Zero Dark Thirty

Steve Williams

Site Founder, Site Owner, Administrator
I found this online review by Marshall Fine of Hollywood and Fine

By all accounts this is the movie to beat this year


You’ve no doubt heard about a little movie called “Zero Dark Thirty,” which suddenly is the controversial odds-on Oscar favorite.

The controversy has to do with a couple of scenes of torture – or “harsh interrogation techniques,” as the Orwellian Bush-era new-speak had it. They occur early in the film, involving water-boarding, sleep deprivation, humiliation and the like. It’s a highly unpleasant moment – for the audience, as well as, obviously, the person being abused and questioned.

The nay-sayers posit that, because director Kathryn Bigelow and writer Mark Boal don’t have someone say, “Torture? My God – what in God’s name are you doing?” – the scenes amount to a tacit approval of the practice, if not an outright endorsement.

Which is, of course, crap.

“Zero Dark Thirty” shows torture for what it is – a brutal, barbaric and generally ineffective way to gather intelligence. But the filmmakers allow the viewer to make the moral determination for himself. No doubt, just as any thinking person would be repulsed by those scenes, there are those who will watch it and say, “Kid’s stuff – they should have done more.”

All of which misses the point. “Zero Dark Thirty” isn’t a movie about torture. It’s a tense, dramatic and lean film, which is a surprising thing to say about a movie with a near-three-hour running time. That’s where that Oscar-favorite business (based on a landslide of critical awards) comes from.

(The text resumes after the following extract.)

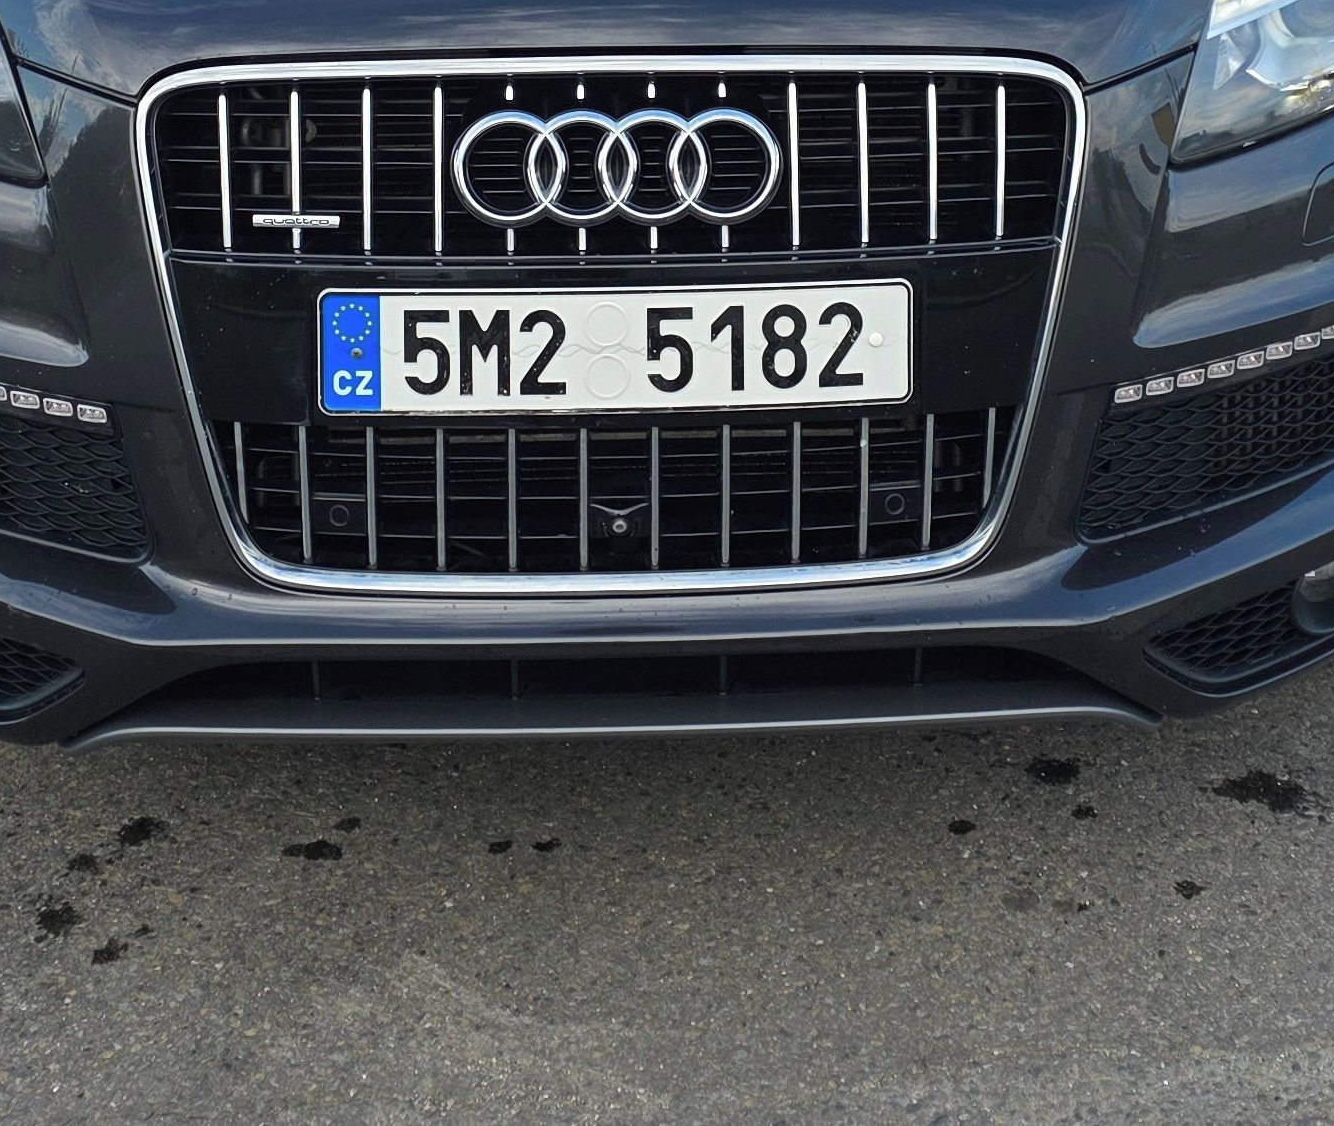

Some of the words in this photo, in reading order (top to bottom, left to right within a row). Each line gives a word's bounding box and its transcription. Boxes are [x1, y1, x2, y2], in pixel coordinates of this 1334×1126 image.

Bigelow and Boal build their story around a lone CIA analyst, Maya (Jessica Chastain), who is brought in by another CIA operative, Dan (Jason Clarke), to help with the hunt for bin Laden. They’re first seen in those uncomfortable opening sequences, working over a suspect for information about the location of Osama bin Laden (or Usama, because they routinely refer to him as “UBL”).

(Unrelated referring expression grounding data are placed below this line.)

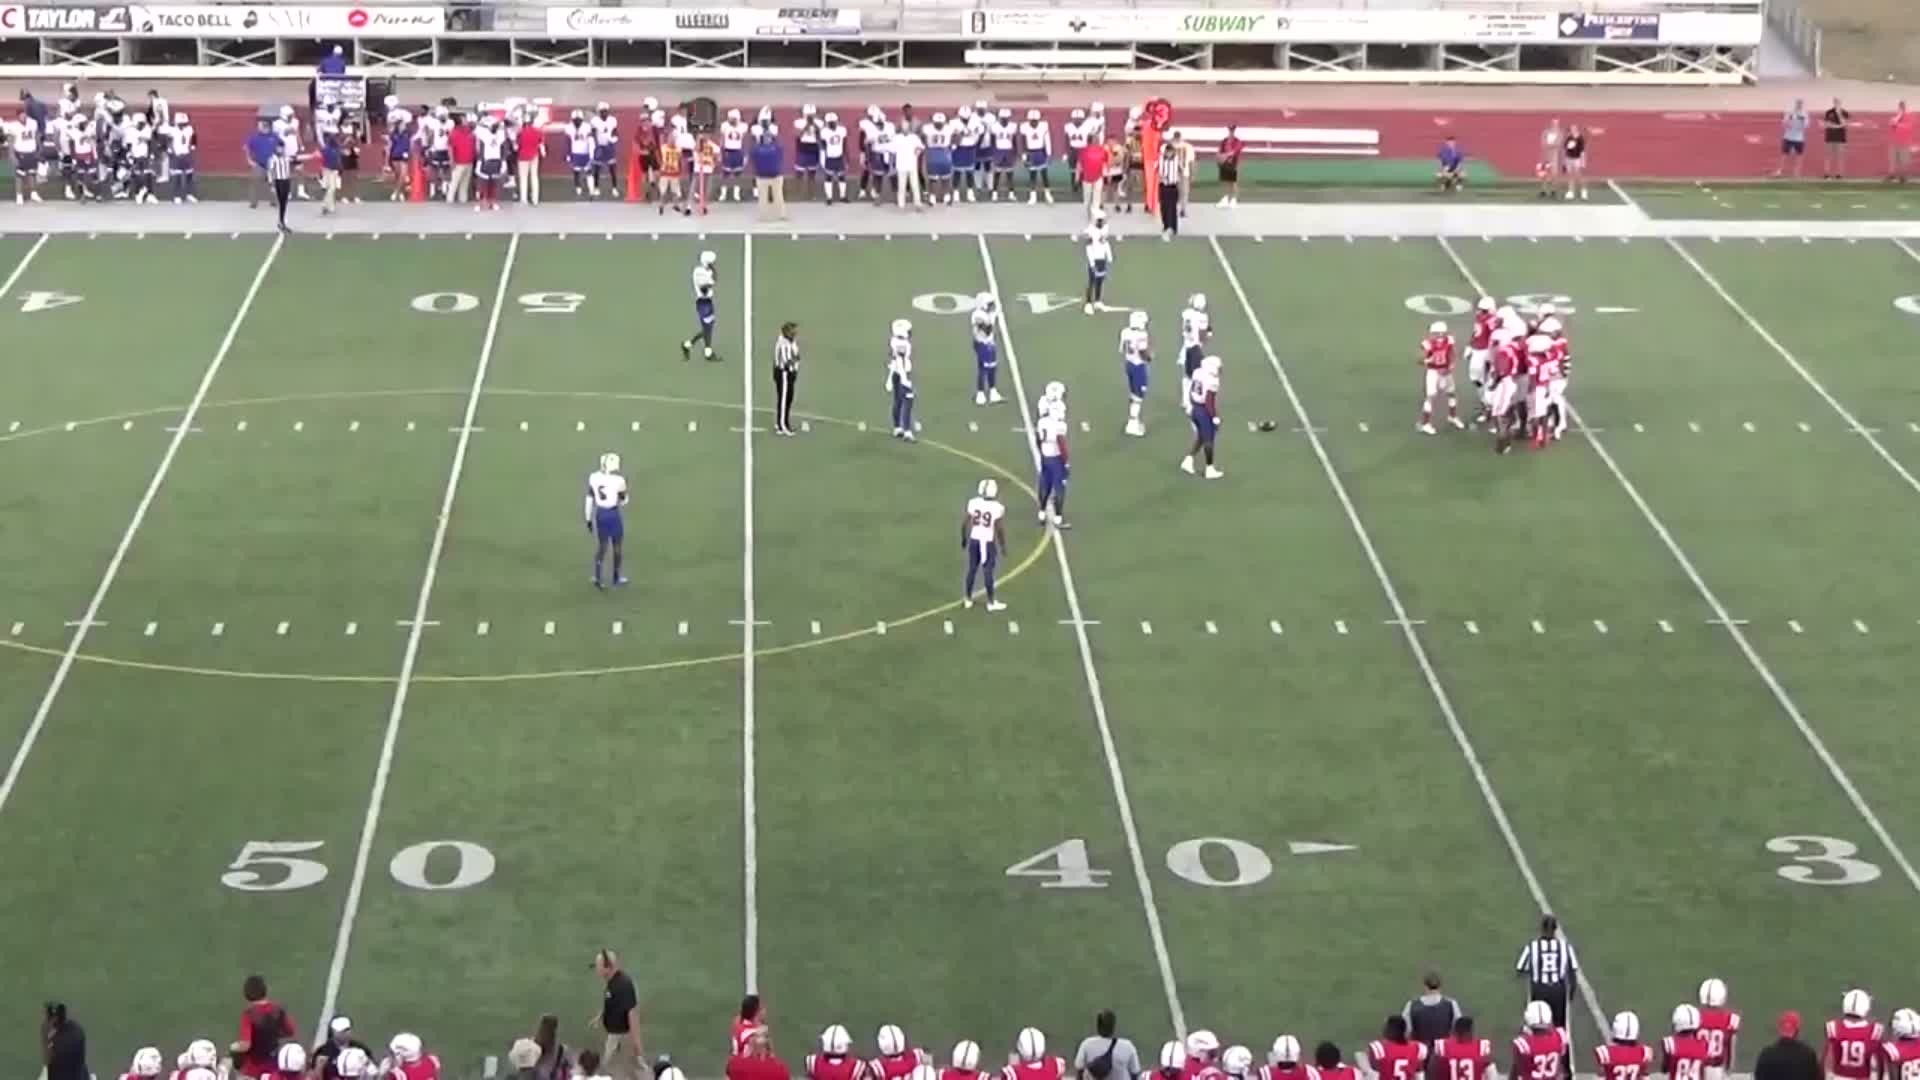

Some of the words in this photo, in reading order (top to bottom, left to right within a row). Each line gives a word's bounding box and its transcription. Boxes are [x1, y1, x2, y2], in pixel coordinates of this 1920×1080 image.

[27, 9, 96, 29] TAYLOR
[158, 14, 195, 27] TACO
[199, 14, 232, 26] BELL
[1181, 15, 1259, 32] SUBWAY
[972, 509, 992, 528] 29
[1765, 835, 1881, 885] 3
[1542, 953, 1558, 972] H
[1840, 1039, 1866, 1066] 19
[1449, 1057, 1475, 1080] 13
[1531, 1052, 1559, 1078] 33

History tells us that the Bush administration took its eye off the ball and let bin Laden escape after pinning him down in the Tora Bora region before launching the unnecessary war on Iraq. The trail has gone cold, but Maya is like a dog with a bone she won’t give up.

What follows is a procedural, in which she pulls at different strings in the loosely knit al-Qaeda fabric, trying to tease loose the strand that ties to bin Laden. The one lead she keeps chasing involves a courier who, she is convinced, works personally for UBL. That eventually leads her to Abbottabad, Pakistan, and the complex where Seal Team Six finally cornered and killed this century’s premier bogeyman.

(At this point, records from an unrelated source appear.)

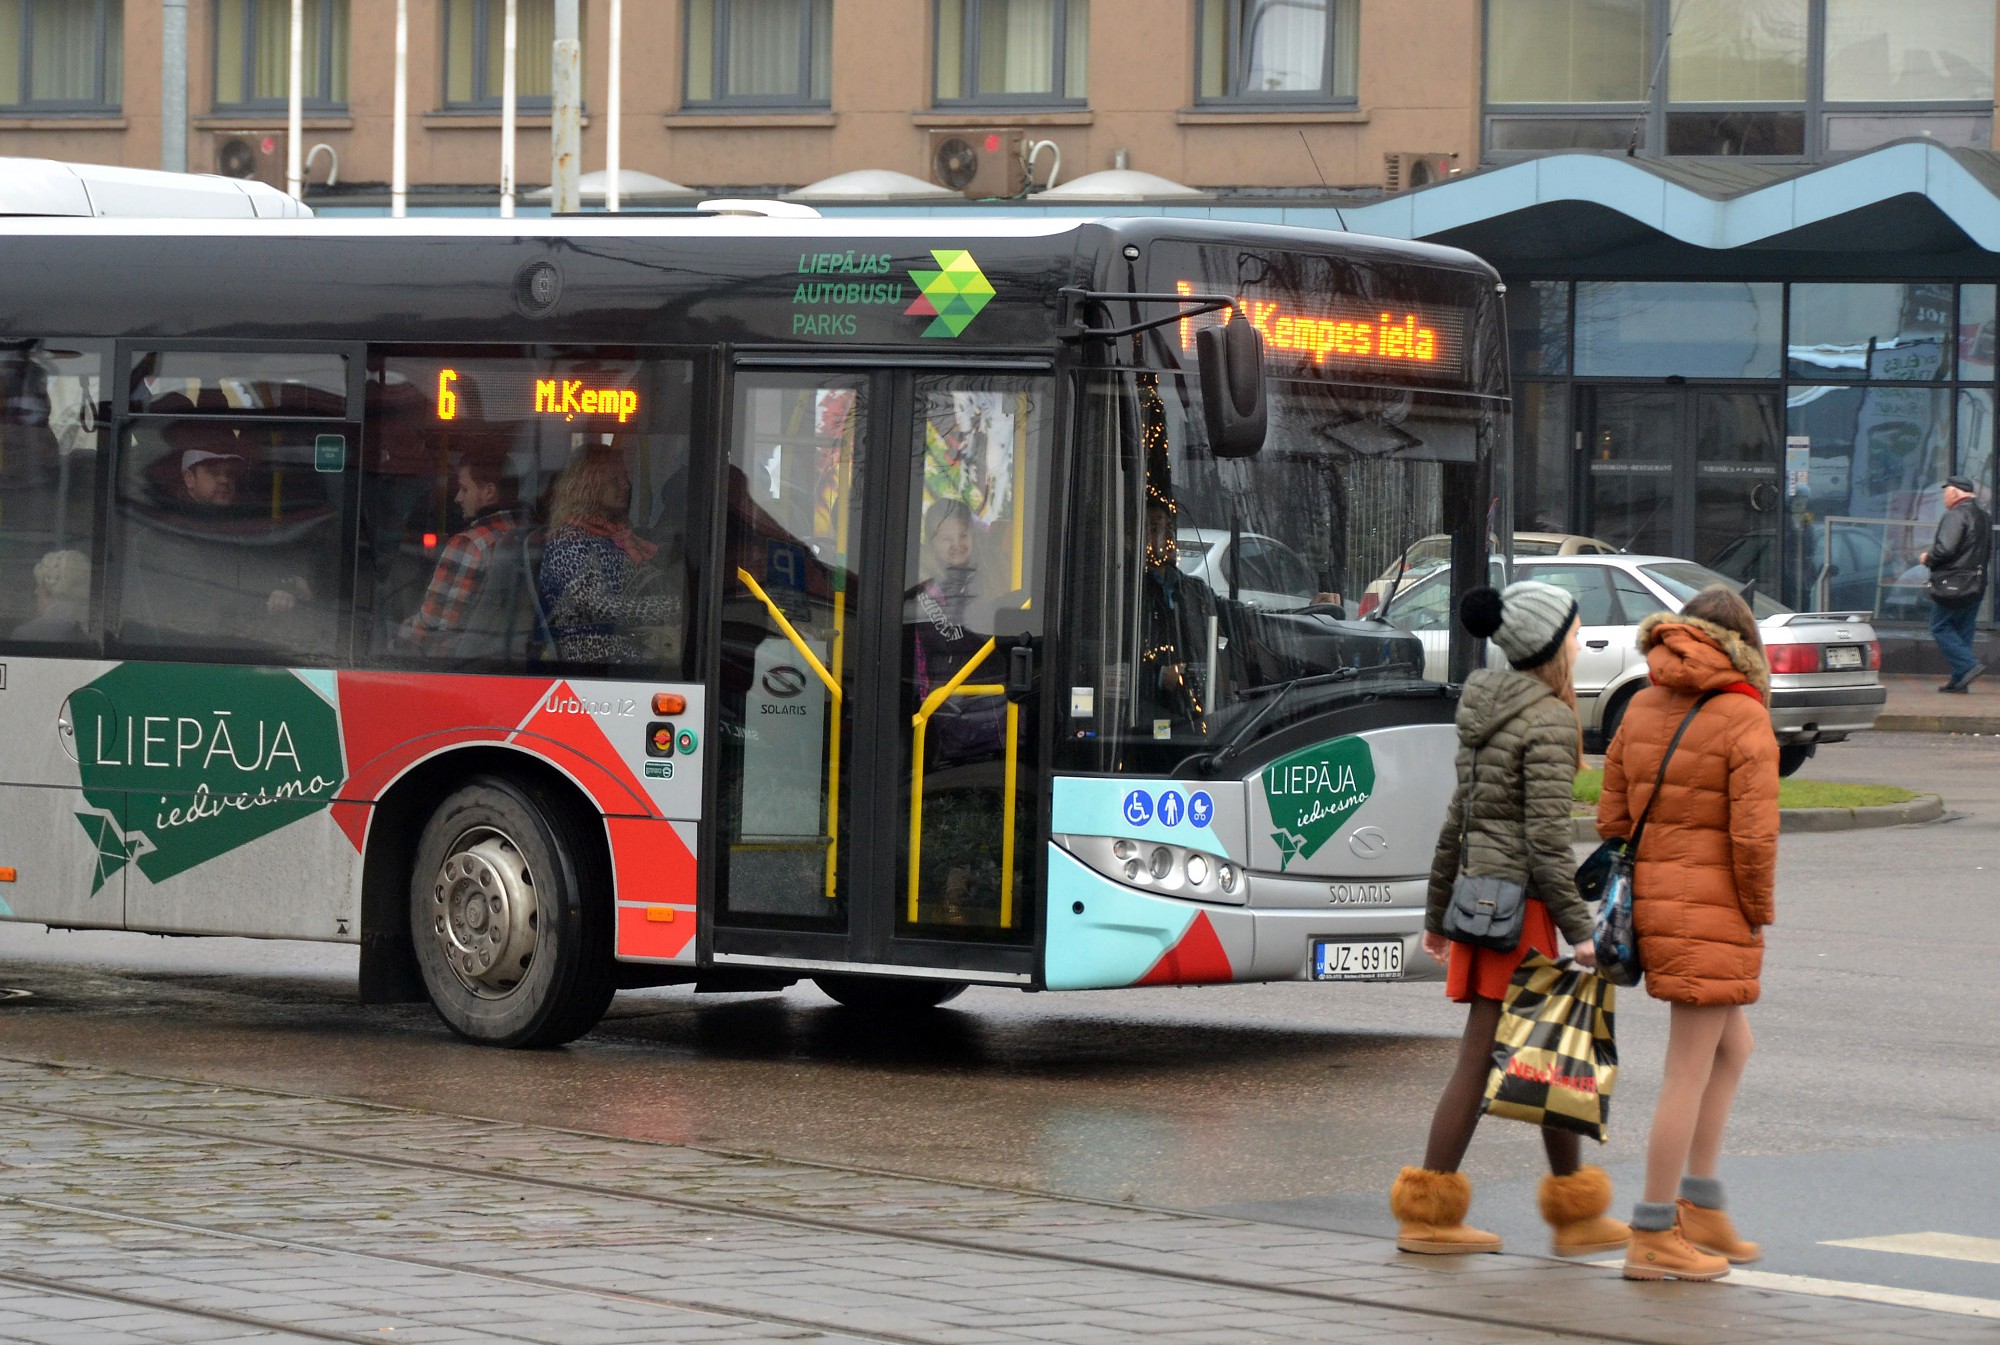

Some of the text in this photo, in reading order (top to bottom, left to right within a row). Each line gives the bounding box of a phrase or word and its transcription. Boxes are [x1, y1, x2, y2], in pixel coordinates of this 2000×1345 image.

[798, 251, 892, 274] LIEPĀJAS
[792, 283, 902, 305] AUTOBUSU
[793, 314, 857, 335] PARKS
[1379, 312, 1436, 360] iela
[437, 369, 457, 420] 6
[545, 695, 637, 717] Urbino 12
[761, 704, 807, 716] SOLARIS
[97, 711, 301, 772] LIEPĀJA
[1270, 761, 1357, 795] LIEPĀJA
[1329, 885, 1392, 904] SOLARIS

Boal’s script is terse, sometimes witty (while never light-hearted), always gritty. And when Bigelow goes in for the kill – literally and metaphorically – with the attack on the Abbottabad complex, you know you’re in the hands of a master. There’s not an ounce of fat on the entire sequence – just a superbly shot setpiece that puts you right into the action, while forcing you to hold your breath from the time the night-vision goggles go on.

There are so many good things about this film – one of the best of the year – that it’s easy to overlook its centerpiece: the performance by Jessica Chastain as Maya. The quiet, occasionally explosive center of the story, Chastain builds upon the amazing impression she made in her break-out year of 2011. Her intensity, her carefully masked vulnerability, her passion and frustration – all come through her flashing eyes and the hard set of her lovely jaw. She’s not an action hero in the conventional sense, but she’s definitely the engine that drives this film.

“Zero Dark Thirty” is outstanding filmmaking by a director who proves that “The Hurt Locker,” one of the tensest films of the past decade, was not the culmination of her talent, but the tip of the iceberg. It’s a companion piece that raises the stakes while gripping you in an unbreakable hold.